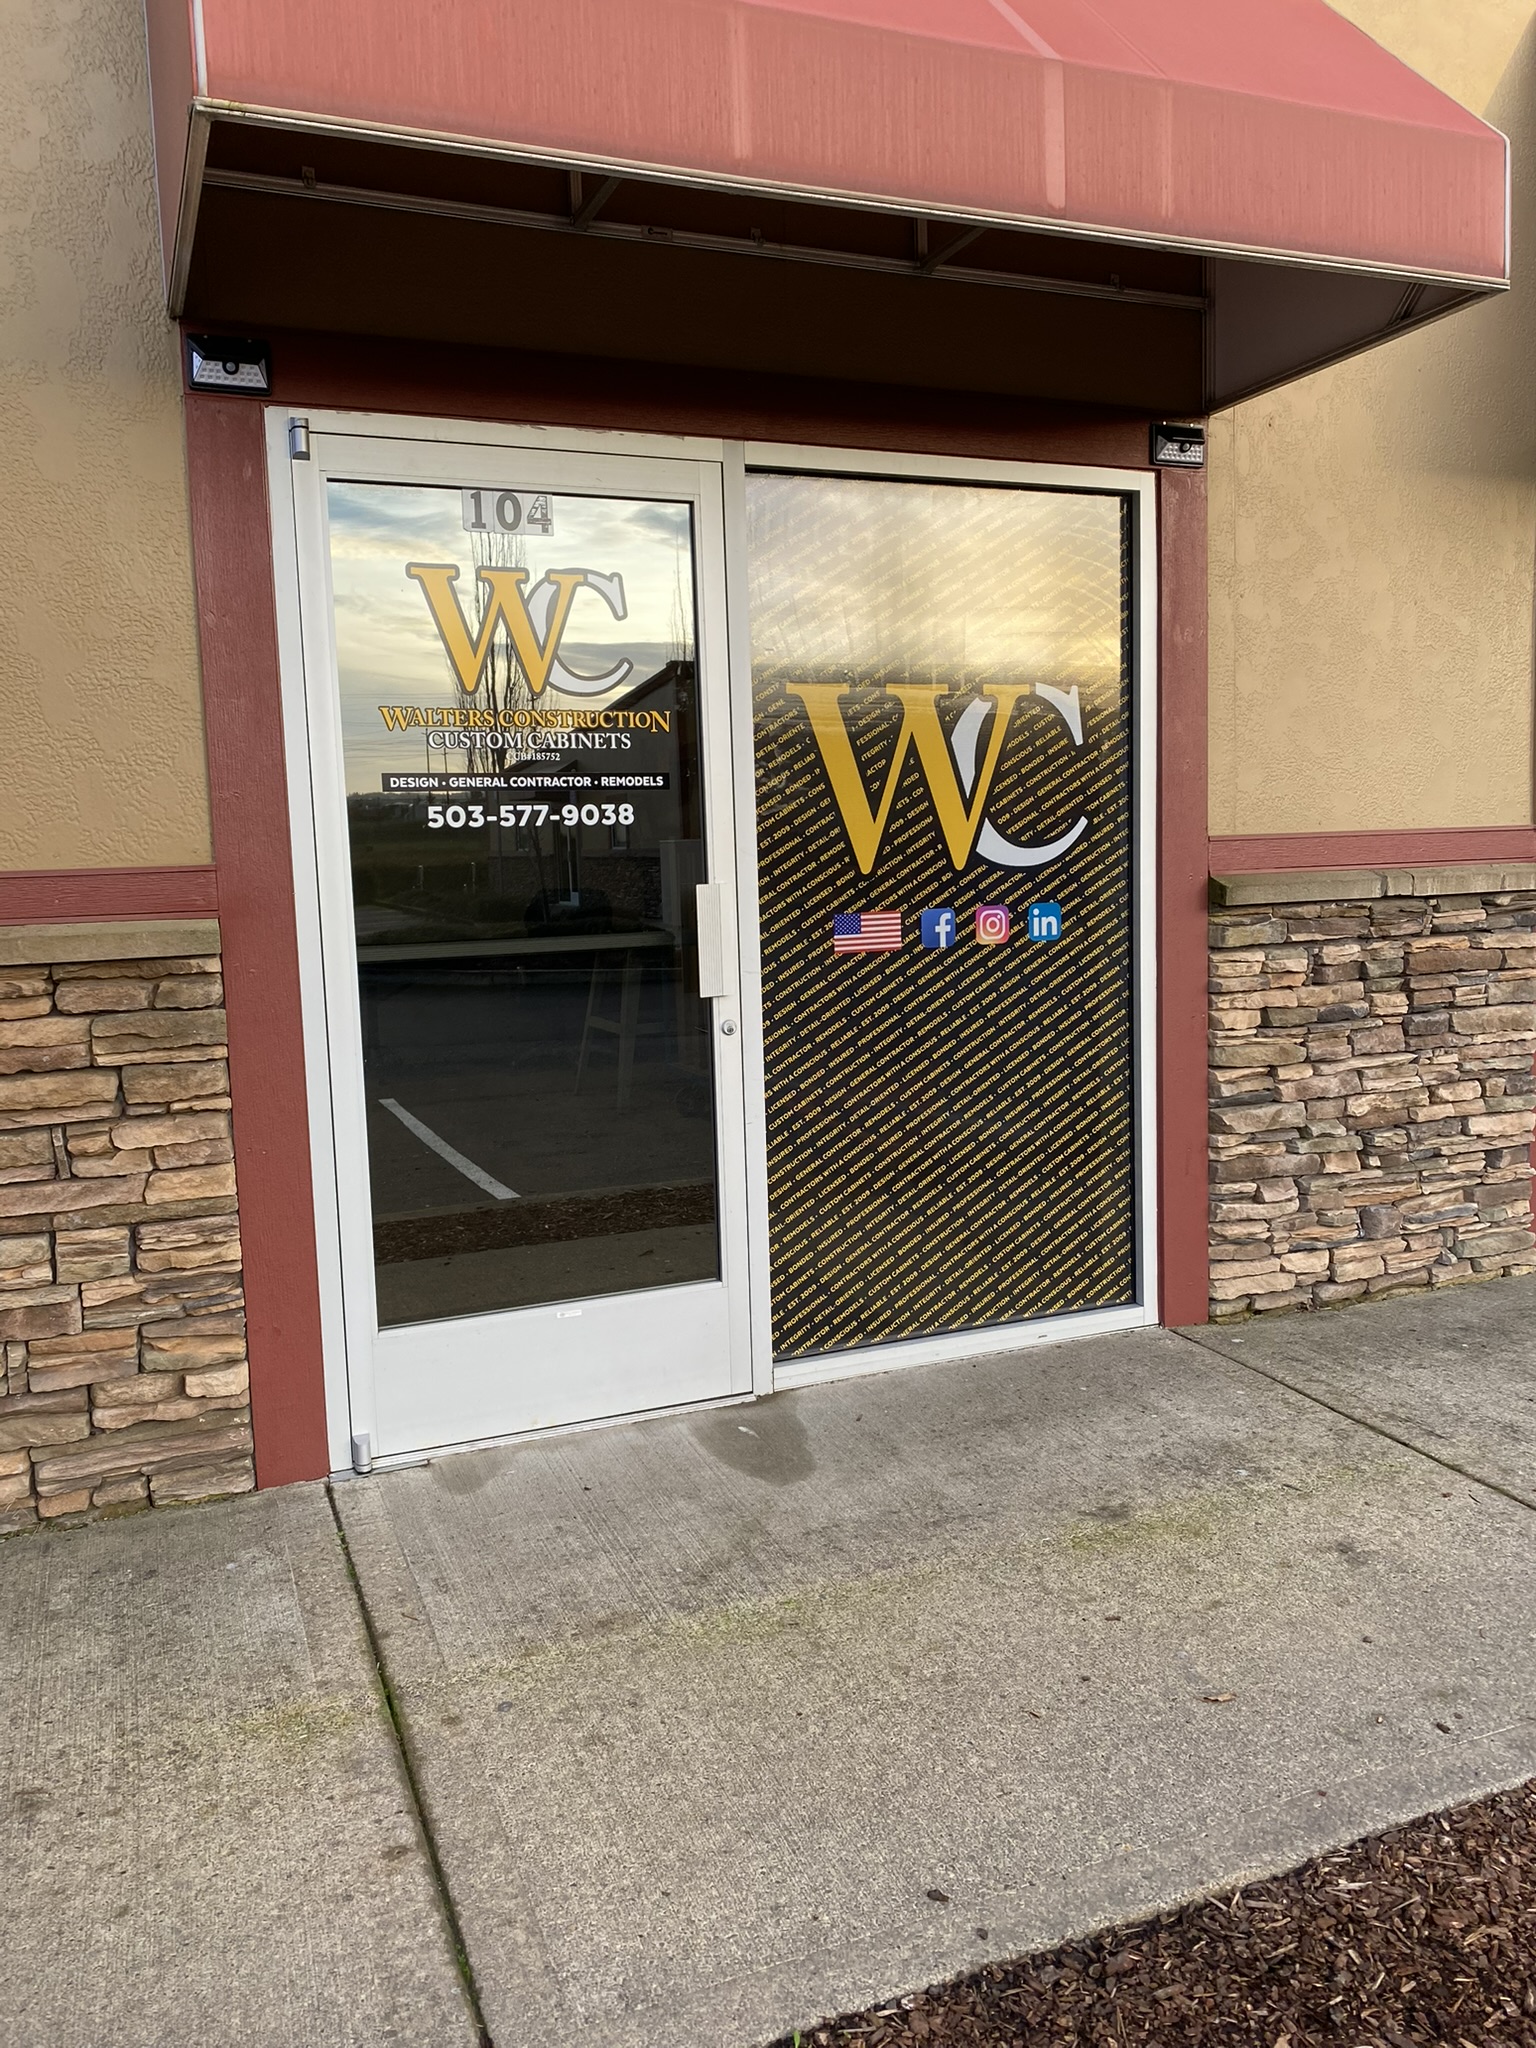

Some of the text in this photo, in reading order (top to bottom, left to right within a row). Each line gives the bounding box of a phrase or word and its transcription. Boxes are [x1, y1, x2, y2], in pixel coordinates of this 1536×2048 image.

[469, 490, 552, 534] 104
[379, 706, 671, 732] WALTERS CONSTRUCTION
[428, 731, 631, 749] CUSTOM CABINETS
[505, 752, 561, 761] CCB#185752
[766, 742, 802, 769] REMODELS
[856, 707, 881, 727] DESIGN
[389, 776, 664, 788] DESIGN GENERAL CONTRACTOR REMODELS
[427, 803, 635, 828] 503-577-9038
[772, 824, 791, 840] 2009
[792, 806, 817, 826] DESIGN
[773, 795, 805, 820] CABINETS
[783, 772, 812, 795] BONDED
[802, 724, 1061, 909] LICENSED CONSCIOUS RELIABLE
[762, 753, 1045, 956] REMODELS CUSTOM CABINETS BONDED
[771, 850, 805, 877] INTEGRITY
[775, 860, 817, 892] CONTRACTOR
[776, 749, 1099, 982] INSURED DESIGN GENERAL CONTRACTOR
[778, 753, 1069, 962] RELIABLE GENERAL CONTRACTOR CABINETS CONSTRUCTION
[805, 799, 929, 890] CONSCIOUS DESIGN
[772, 772, 1113, 1020] DESIGN GENERAL CONTRACTOR CABINETS DETAIL-ORIENTED LICENSED
[766, 1088, 797, 1114] LICENSED
[798, 1067, 826, 1090] BONDED
[827, 1045, 855, 1069] INSURED
[856, 1011, 901, 1047] PROFESSIONAL
[902, 979, 945, 1013] CONTRACTORS
[943, 967, 960, 983] WITH
[1055, 881, 1078, 900] DESIGN
[1079, 861, 1104, 883] GENERAL
[770, 821, 1115, 1075] CONTRACTOR REMODELS CUSTOM CABINETS INSURED
[795, 1108, 840, 1145] PROFESSIONAL
[842, 1074, 886, 1110] CONTRACTORS
[884, 1063, 901, 1078] WITH
[903, 1035, 938, 1063] CONSCIOUS
[939, 1013, 967, 1037] RELIABLE
[980, 990, 997, 1006] 2009
[998, 973, 1021, 993] DESIGN
[1022, 952, 1048, 975] GENERAL
[1047, 925, 1084, 956] CONTRACTOR
[1085, 902, 1116, 928] REMODELS
[778, 1173, 824, 1210] CONTRACTORS
[821, 1161, 839, 1177] WITH
[841, 1132, 877, 1162] CONSCIOUS
[878, 1109, 907, 1134] RELIABLE
[920, 1086, 937, 1102] 2009
[938, 1068, 962, 1088] DESIGN
[962, 1047, 989, 1070] GENERAL
[988, 1019, 1026, 1050] CONTRACTOR
[1027, 995, 1058, 1021] REMODELS
[1060, 975, 1084, 996] CUSTOM
[1082, 956, 1109, 979] CABINETS
[781, 977, 1123, 1243] REMODELS CUSTOM CABINETS CONSTRUCTION INTEGRITY DETAIL-ORIENTED LICENSED BONDED INSURED PROFESSIONAL
[784, 1034, 1112, 1294] CABINETS CONSTRUCTION INTEGRITY DETAIL-ORIENTED LICENSED BONDED INSURED PROFESSIONAL CONTRACTORS
[812, 1279, 865, 1323] DETAIL-ORIENTED
[865, 1254, 895, 1280] LICENSED
[896, 1233, 923, 1256] BONDED
[923, 1211, 950, 1234] INSURED
[951, 1176, 994, 1212] PROFESSIONAL
[994, 1143, 1035, 1178] CONTRACTORS
[1033, 1132, 1050, 1147] WITH
[1052, 1105, 1084, 1133] CONSCIOUS
[1085, 1083, 1111, 1107] RELIABLE
[865, 1308, 892, 1332] INSURED
[893, 1272, 936, 1309] PROFESSIONAL
[937, 1237, 979, 1273] CONTRACTORS
[977, 1226, 994, 1241] WITH
[996, 1198, 1029, 1226] CONSCIOUS
[1029, 1175, 1056, 1199] RELIABLE
[1068, 1152, 1085, 1168] 2009
[1086, 1134, 1107, 1154] DESIGN
[937, 1294, 971, 1324] CONSCIOUS
[971, 1271, 999, 1295] RELIABLE
[1011, 1247, 1028, 1263] 2009
[1029, 1228, 1051, 1248] DESIGN
[1052, 1207, 1077, 1230] GENERAL
[1076, 1178, 1112, 1210] CONTRACTOR
[1013, 1210, 1131, 1310] CONTRACTOR REMODELS CUSTOM CABINETS
[1085, 1262, 1126, 1299] CONSTRUCTION

- - -

§ How to complete this task: Could you set down every record above word for word, leaving out the pictures?

§ Solution to this task:
Some of the text in this photo, in reading order (top to bottom, left to right within a row). Each line gives the bounding box of a phrase or word and its transcription. Boxes are [x1, y1, x2, y2], in pixel coordinates of this 1536×2048 image.

[469, 490, 552, 534] 104
[379, 706, 671, 732] WALTERS CONSTRUCTION
[428, 731, 631, 749] CUSTOM CABINETS
[505, 752, 561, 761] CCB#185752
[766, 742, 802, 769] REMODELS
[856, 707, 881, 727] DESIGN
[389, 776, 664, 788] DESIGN GENERAL CONTRACTOR REMODELS
[427, 803, 635, 828] 503-577-9038
[772, 824, 791, 840] 2009
[792, 806, 817, 826] DESIGN
[773, 795, 805, 820] CABINETS
[783, 772, 812, 795] BONDED
[802, 724, 1061, 909] LICENSED CONSCIOUS RELIABLE
[762, 753, 1045, 956] REMODELS CUSTOM CABINETS BONDED
[771, 850, 805, 877] INTEGRITY
[775, 860, 817, 892] CONTRACTOR
[776, 749, 1099, 982] INSURED DESIGN GENERAL CONTRACTOR
[778, 753, 1069, 962] RELIABLE GENERAL CONTRACTOR CABINETS CONSTRUCTION
[805, 799, 929, 890] CONSCIOUS DESIGN
[772, 772, 1113, 1020] DESIGN GENERAL CONTRACTOR CABINETS DETAIL-ORIENTED LICENSED
[766, 1088, 797, 1114] LICENSED
[798, 1067, 826, 1090] BONDED
[827, 1045, 855, 1069] INSURED
[856, 1011, 901, 1047] PROFESSIONAL
[902, 979, 945, 1013] CONTRACTORS
[943, 967, 960, 983] WITH
[1055, 881, 1078, 900] DESIGN
[1079, 861, 1104, 883] GENERAL
[770, 821, 1115, 1075] CONTRACTOR REMODELS CUSTOM CABINETS INSURED
[795, 1108, 840, 1145] PROFESSIONAL
[842, 1074, 886, 1110] CONTRACTORS
[884, 1063, 901, 1078] WITH
[903, 1035, 938, 1063] CONSCIOUS
[939, 1013, 967, 1037] RELIABLE
[980, 990, 997, 1006] 2009
[998, 973, 1021, 993] DESIGN
[1022, 952, 1048, 975] GENERAL
[1047, 925, 1084, 956] CONTRACTOR
[1085, 902, 1116, 928] REMODELS
[778, 1173, 824, 1210] CONTRACTORS
[821, 1161, 839, 1177] WITH
[841, 1132, 877, 1162] CONSCIOUS
[878, 1109, 907, 1134] RELIABLE
[920, 1086, 937, 1102] 2009
[938, 1068, 962, 1088] DESIGN
[962, 1047, 989, 1070] GENERAL
[988, 1019, 1026, 1050] CONTRACTOR
[1027, 995, 1058, 1021] REMODELS
[1060, 975, 1084, 996] CUSTOM
[1082, 956, 1109, 979] CABINETS
[781, 977, 1123, 1243] REMODELS CUSTOM CABINETS CONSTRUCTION INTEGRITY DETAIL-ORIENTED LICENSED BONDED INSURED PROFESSIONAL
[784, 1034, 1112, 1294] CABINETS CONSTRUCTION INTEGRITY DETAIL-ORIENTED LICENSED BONDED INSURED PROFESSIONAL CONTRACTORS
[812, 1279, 865, 1323] DETAIL-ORIENTED
[865, 1254, 895, 1280] LICENSED
[896, 1233, 923, 1256] BONDED
[923, 1211, 950, 1234] INSURED
[951, 1176, 994, 1212] PROFESSIONAL
[994, 1143, 1035, 1178] CONTRACTORS
[1033, 1132, 1050, 1147] WITH
[1052, 1105, 1084, 1133] CONSCIOUS
[1085, 1083, 1111, 1107] RELIABLE
[865, 1308, 892, 1332] INSURED
[893, 1272, 936, 1309] PROFESSIONAL
[937, 1237, 979, 1273] CONTRACTORS
[977, 1226, 994, 1241] WITH
[996, 1198, 1029, 1226] CONSCIOUS
[1029, 1175, 1056, 1199] RELIABLE
[1068, 1152, 1085, 1168] 2009
[1086, 1134, 1107, 1154] DESIGN
[937, 1294, 971, 1324] CONSCIOUS
[971, 1271, 999, 1295] RELIABLE
[1011, 1247, 1028, 1263] 2009
[1029, 1228, 1051, 1248] DESIGN
[1052, 1207, 1077, 1230] GENERAL
[1076, 1178, 1112, 1210] CONTRACTOR
[1013, 1210, 1131, 1310] CONTRACTOR REMODELS CUSTOM CABINETS
[1085, 1262, 1126, 1299] CONSTRUCTION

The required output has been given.